Carmencita, con la ilusión del casorio, un buen día decidió que dejásemos de acostarnos hasta la noche de bodas. Cuando me lo comunicó por teléfono no me lo creí. Lo digo en sentido literal. No me lo creí. Ni creí que lo hubiese decidido así ni tampoco que ella fuera capaz de lograrlo, porque yo cuando me pongo… Sin embargo, un fin de semana llegó y me dijo que primero iríamos a dejar las maletas a casa de sus primos, unos que tenía en Madrid, porque ¿qué pensarían sus padres cada vez que ella viniese a Madrid y no pasase las noches bajo el techo de sus tíos? De nada sirvió que le dijese lo poco que me importaba a mí el pensamiento de sus papás, salvo para que me llamase egoísta y bestia y además, bestia egoísta. Tampoco le ayudó a entrar en razón que le asegurase que yo ya era mayorcito para esas tonterías.

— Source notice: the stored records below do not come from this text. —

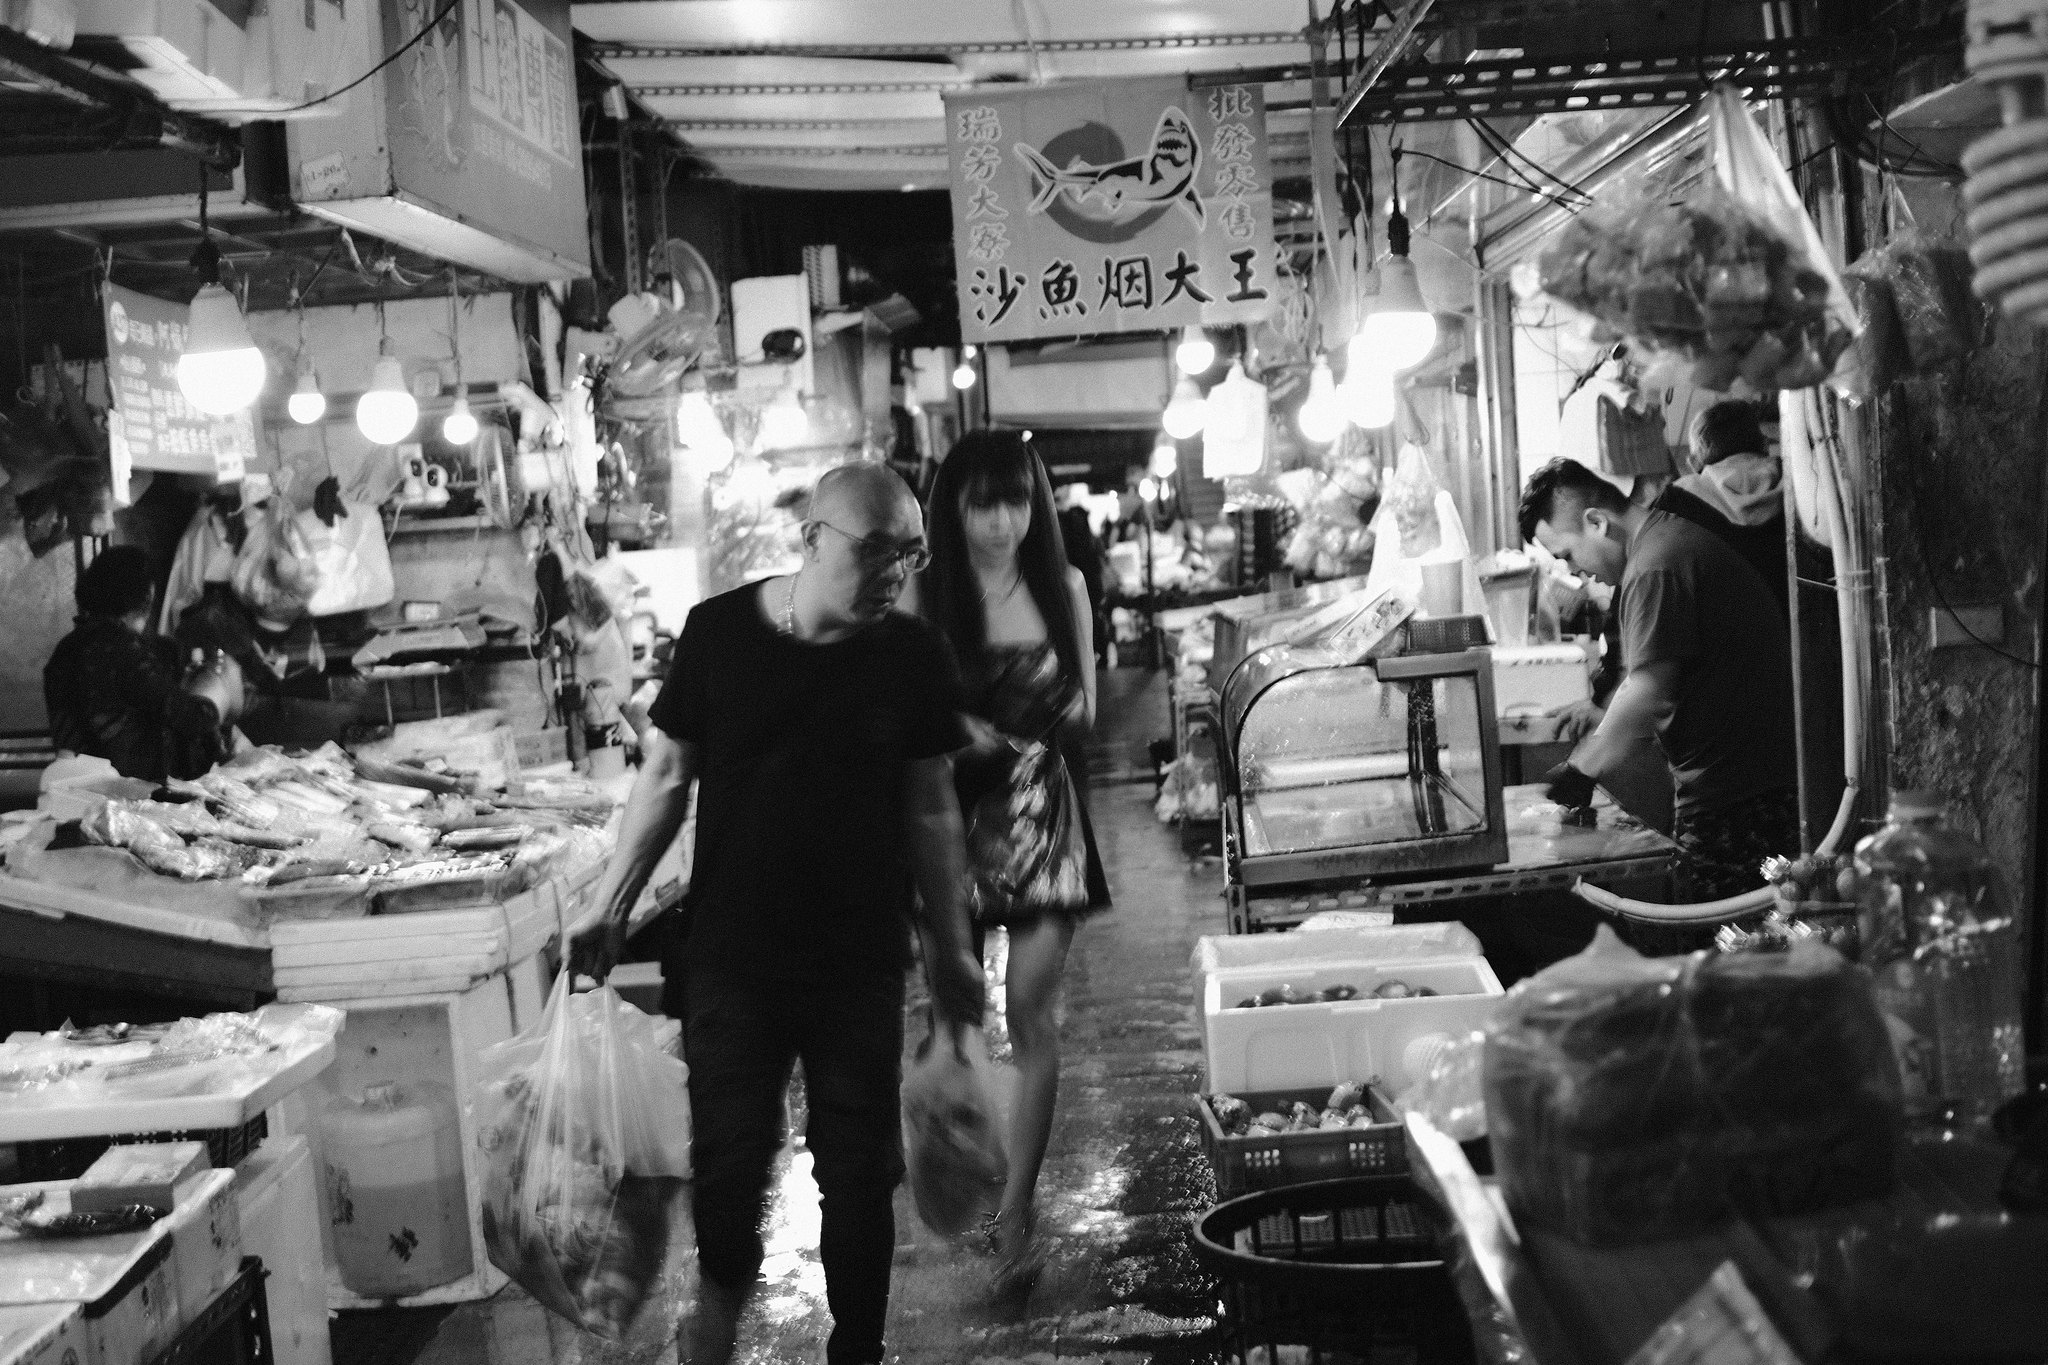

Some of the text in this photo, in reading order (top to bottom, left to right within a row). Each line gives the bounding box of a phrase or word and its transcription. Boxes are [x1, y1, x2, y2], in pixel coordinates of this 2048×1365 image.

[1208, 87, 1259, 241] 批發零售
[970, 248, 1270, 327] 沙魚烟大王
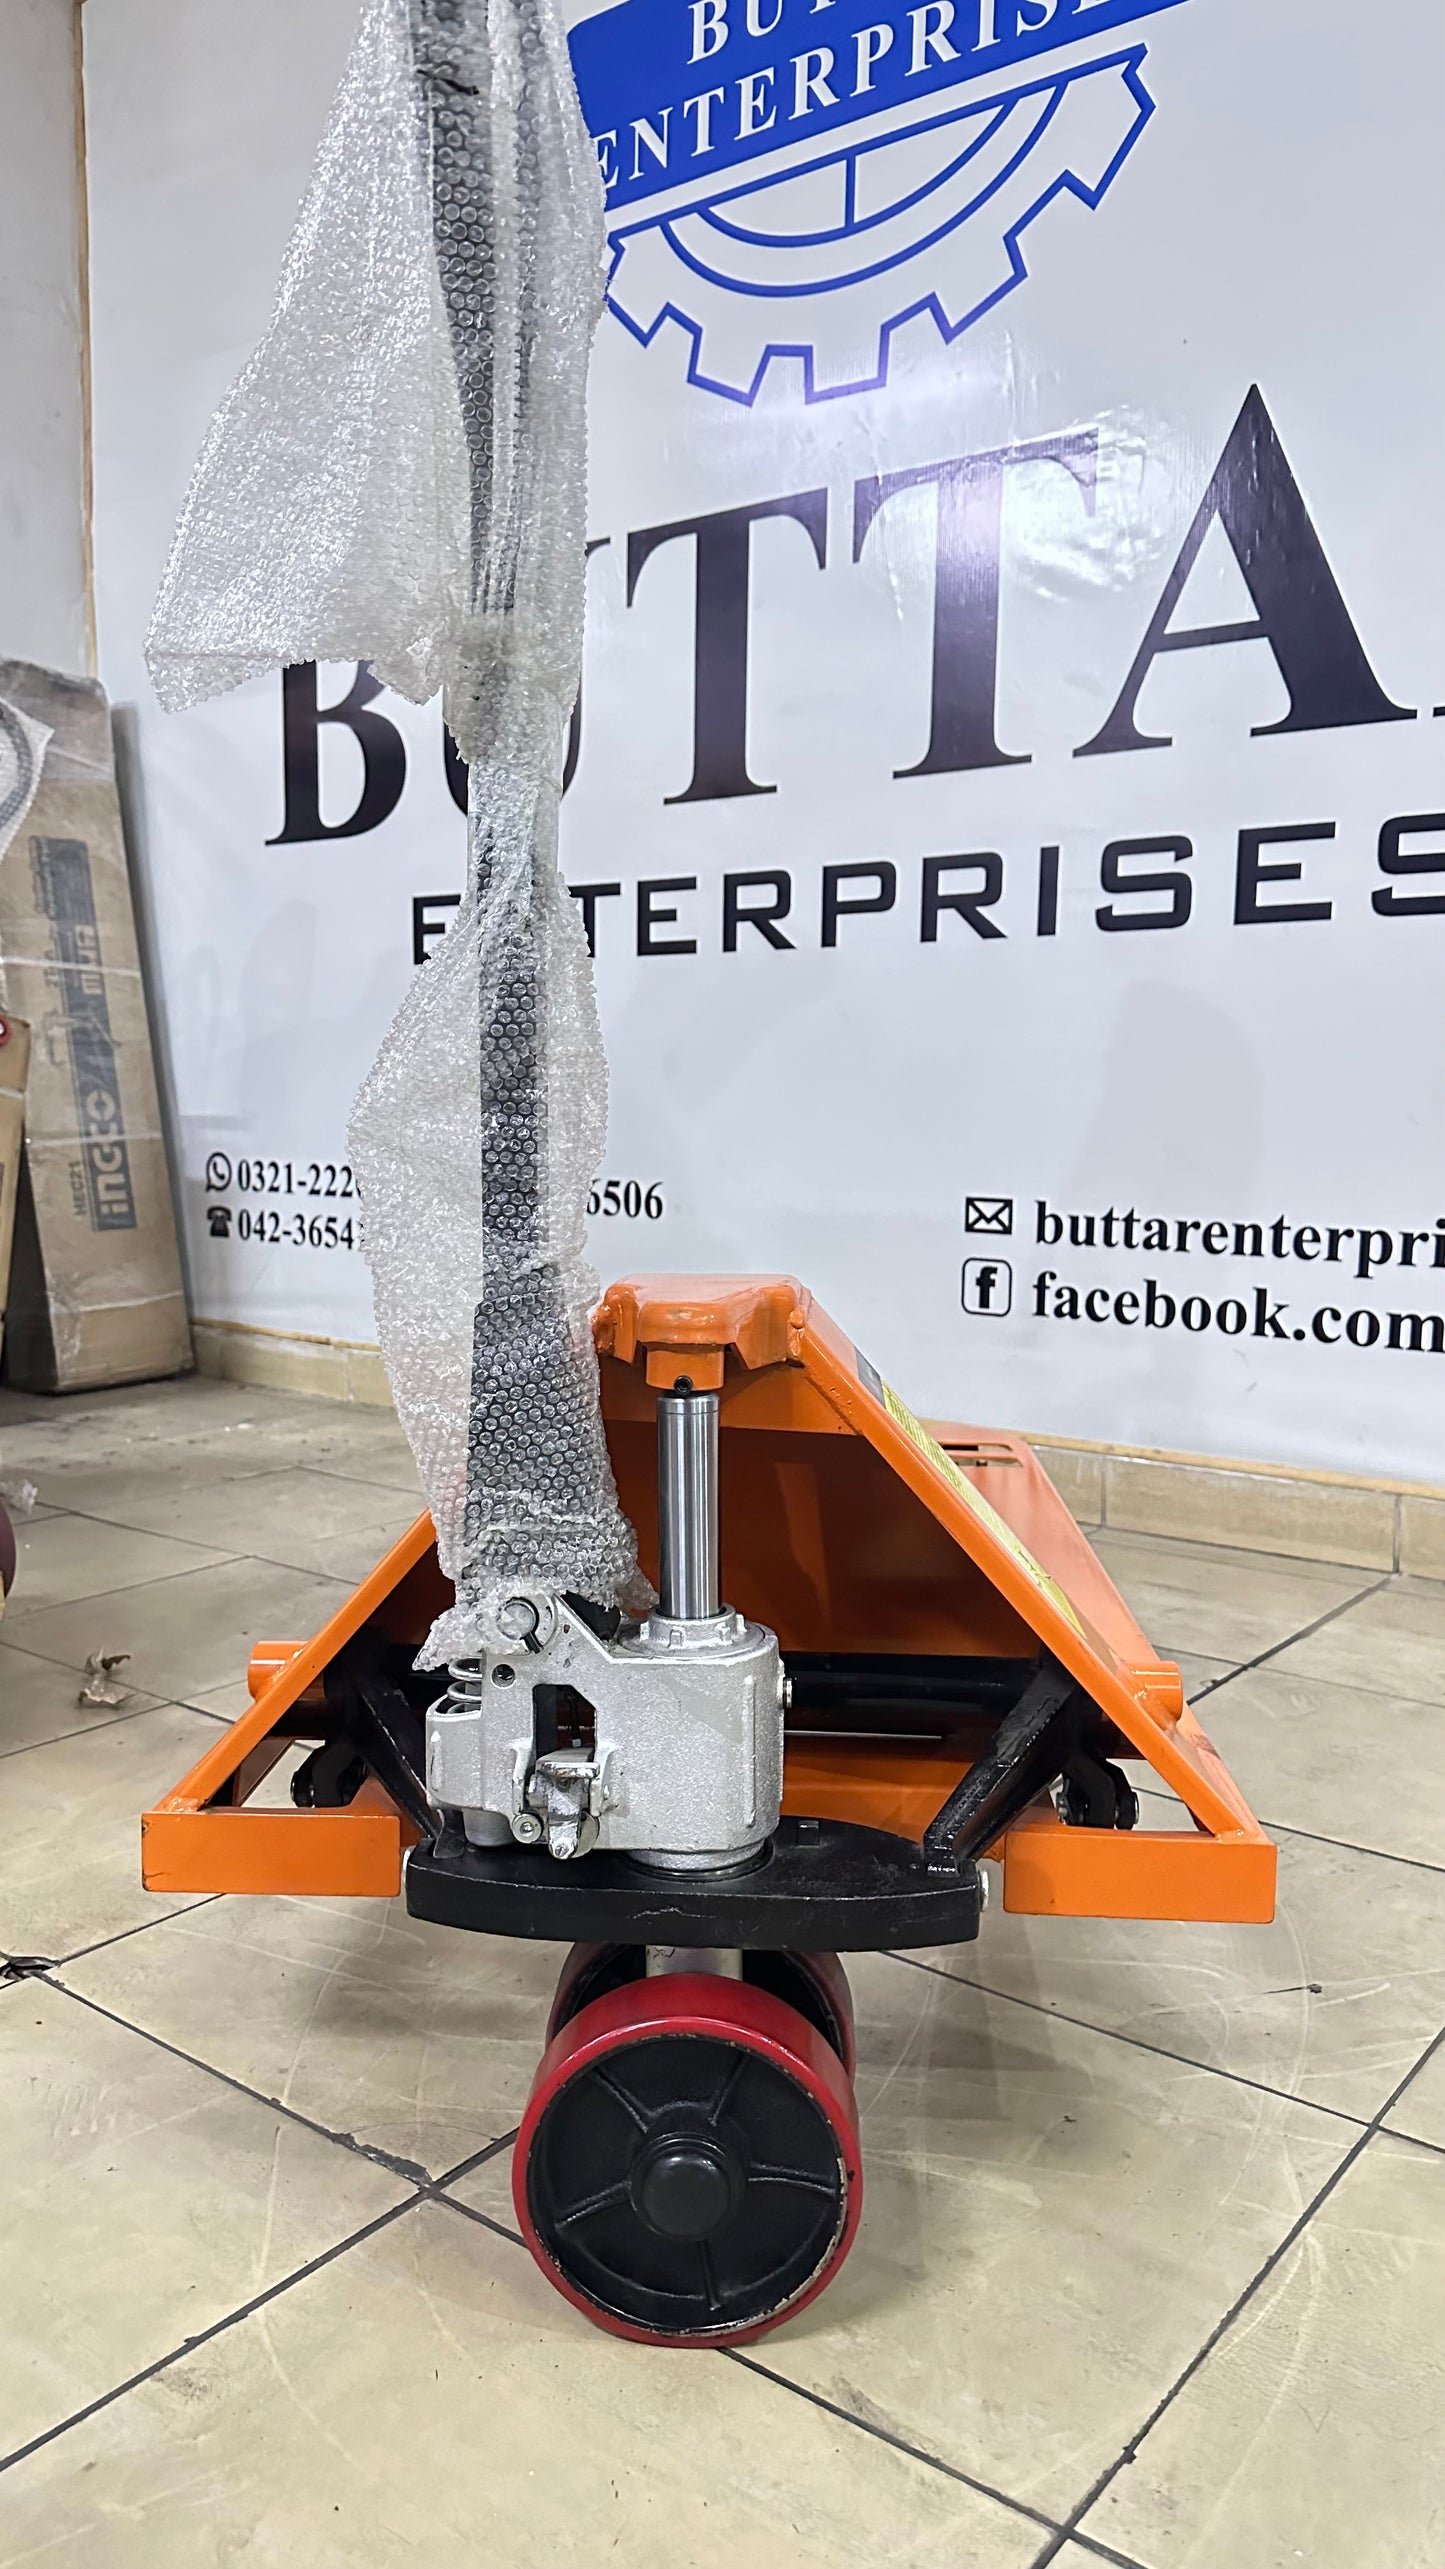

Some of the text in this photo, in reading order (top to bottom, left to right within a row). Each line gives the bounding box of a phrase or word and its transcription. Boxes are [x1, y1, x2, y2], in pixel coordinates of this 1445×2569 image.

[686, 0, 837, 65] BU
[412, 812, 1445, 965] ETERPRISES
[238, 1159, 362, 1198] 0321-222
[238, 1208, 365, 1250] 042-3654
[1035, 1199, 1445, 1280] buttarenterpri
[1032, 1270, 1445, 1354] facebook.com
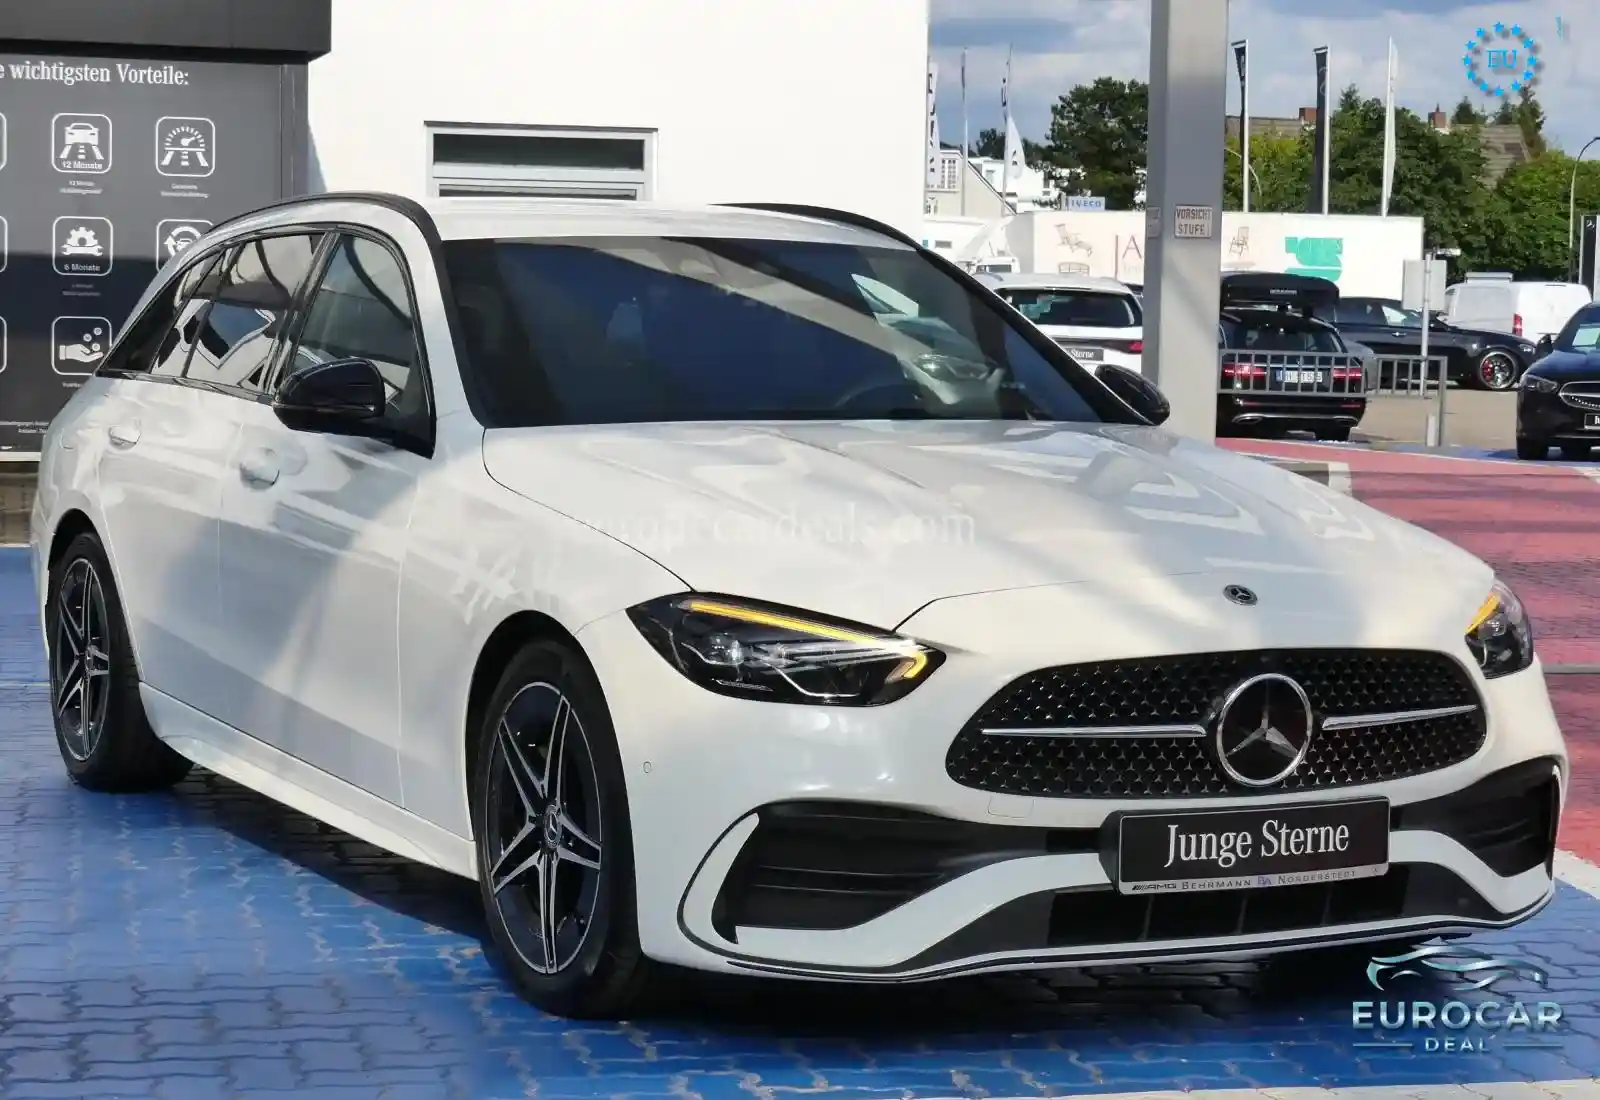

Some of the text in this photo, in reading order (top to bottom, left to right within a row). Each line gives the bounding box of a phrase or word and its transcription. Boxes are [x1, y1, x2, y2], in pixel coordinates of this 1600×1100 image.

Aquel viernes no solamente dejamos las maletas en casa de sus tíos, sino que, naturalmente, las subí yo, con una rabia explosiva, y tuve que saludar a sus tíos y tomarme un cafecito con ellos como estaba mandado, y con sus primos, que ya los conocía de otras veces y que no me caían mal. No me caía mal nadie. Pero los últimos años de vida independiente me hacían inflexible para todo aquello que no fuese de mi interés. Los compromisos los solventaba casi siempre bien, porque uno comprendía que el mundo existe, y que hay que pagar ciertos tributos para integrarse en él. Normalmente lo hacía con agilidad, buscando una rápida salida. No me puedo quedar a comer, tenemos que irnos… En fin, como casi todo el mundo hace. Pero Carmen estaba tan guapa cuando llegaba con su pelo recogido en la cinta de terciopelo, que solamente pensaba en estar a solas con ella y el cafecito con el tío y la tía se me hacía insoportable. Luego, claro, salíamos con los primos a cenar, pasaba la tarde y la noche y la devolvía con sus parientes. Por fin, sincerándose con una de sus primas con la que le unía una amistad especial, Carmen encontró el momento de que nos quedásemos a solas ya que, según me dijo, yo empezaba a comportarme como si me picase la camisa.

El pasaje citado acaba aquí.